** Dataset records follows **

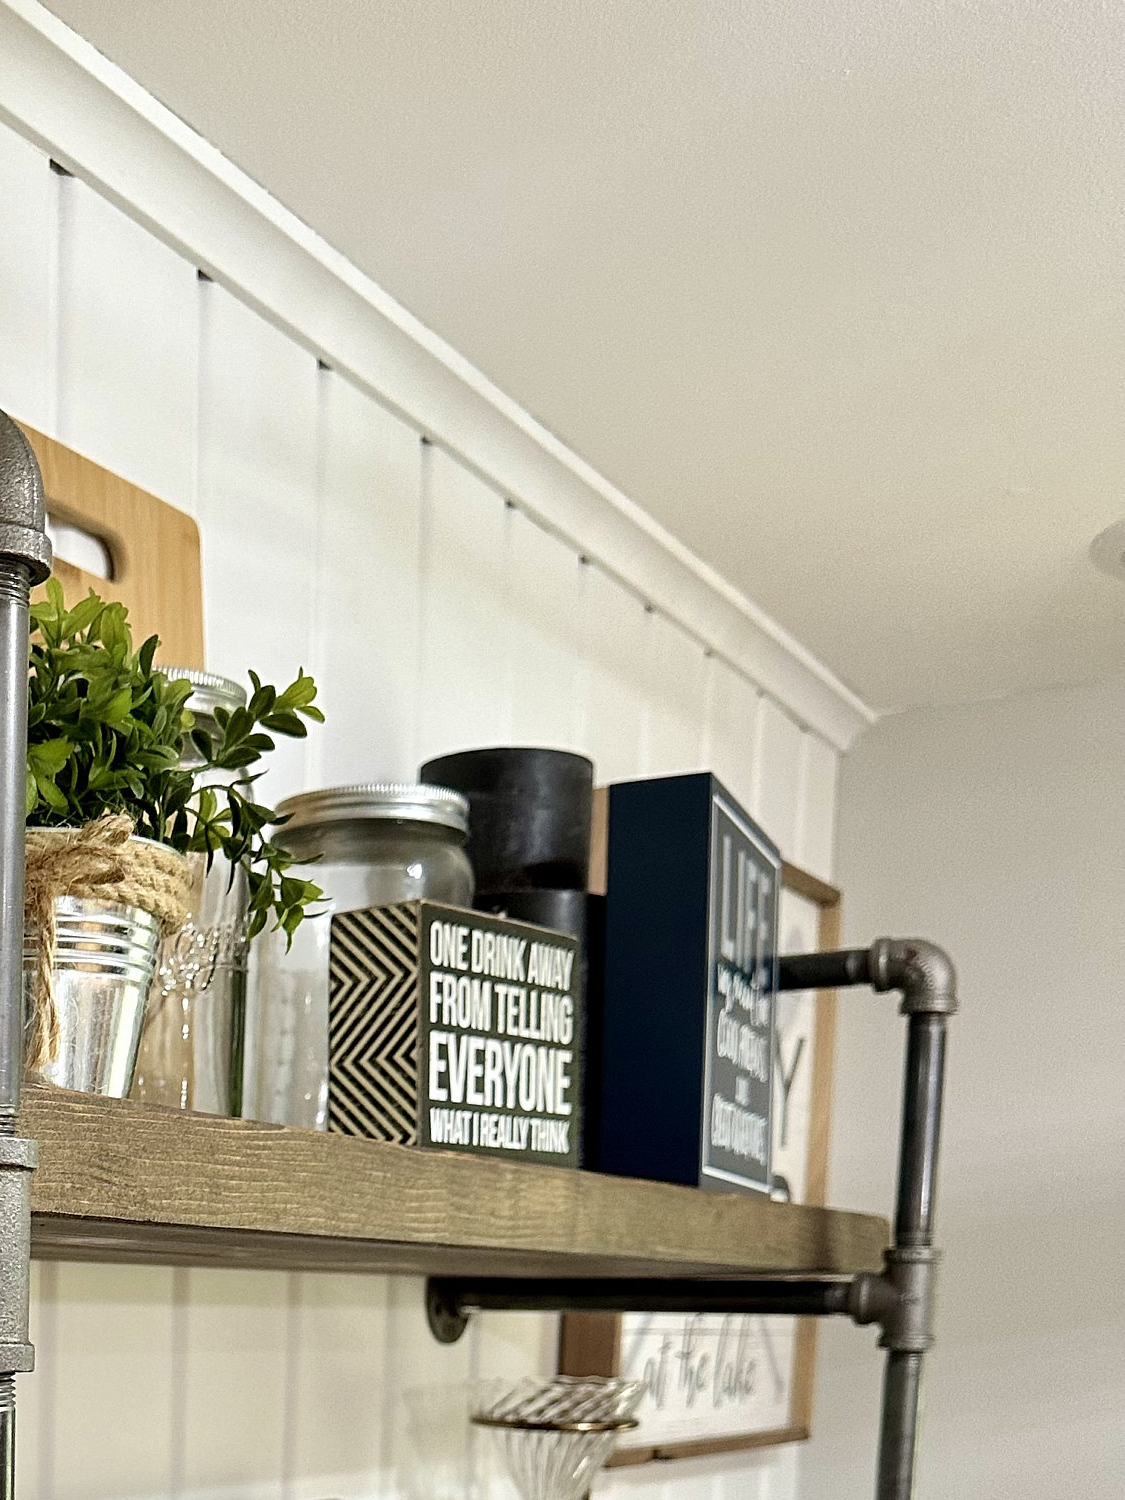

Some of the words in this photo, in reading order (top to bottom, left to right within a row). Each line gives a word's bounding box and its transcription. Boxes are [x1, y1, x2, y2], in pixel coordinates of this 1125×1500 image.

[429, 919, 470, 971] ONE
[471, 928, 527, 982] DRINK
[527, 942, 575, 992] AWAY
[429, 970, 492, 1032] FROM
[494, 983, 574, 1046] TELLING
[428, 1029, 574, 1116] EVERYONE
[429, 1106, 472, 1146] WHAT
[472, 1111, 480, 1147] I
[479, 1112, 531, 1151] REALLY
[530, 1117, 571, 1154] THINK
[712, 1312, 757, 1409] lake

** End of Dataset records **

> **Goal of the exercise**
Copy every record verbatim while leaving each picture out.

> **Exercise solution**
Some of the words in this photo, in reading order (top to bottom, left to right within a row). Each line gives a word's bounding box and its transcription. Boxes are [x1, y1, x2, y2], in pixel coordinates of this 1125×1500 image.

[429, 919, 470, 971] ONE
[471, 928, 527, 982] DRINK
[527, 942, 575, 992] AWAY
[429, 970, 492, 1032] FROM
[494, 983, 574, 1046] TELLING
[428, 1029, 574, 1116] EVERYONE
[429, 1106, 472, 1146] WHAT
[472, 1111, 480, 1147] I
[479, 1112, 531, 1151] REALLY
[530, 1117, 571, 1154] THINK
[712, 1312, 757, 1409] lake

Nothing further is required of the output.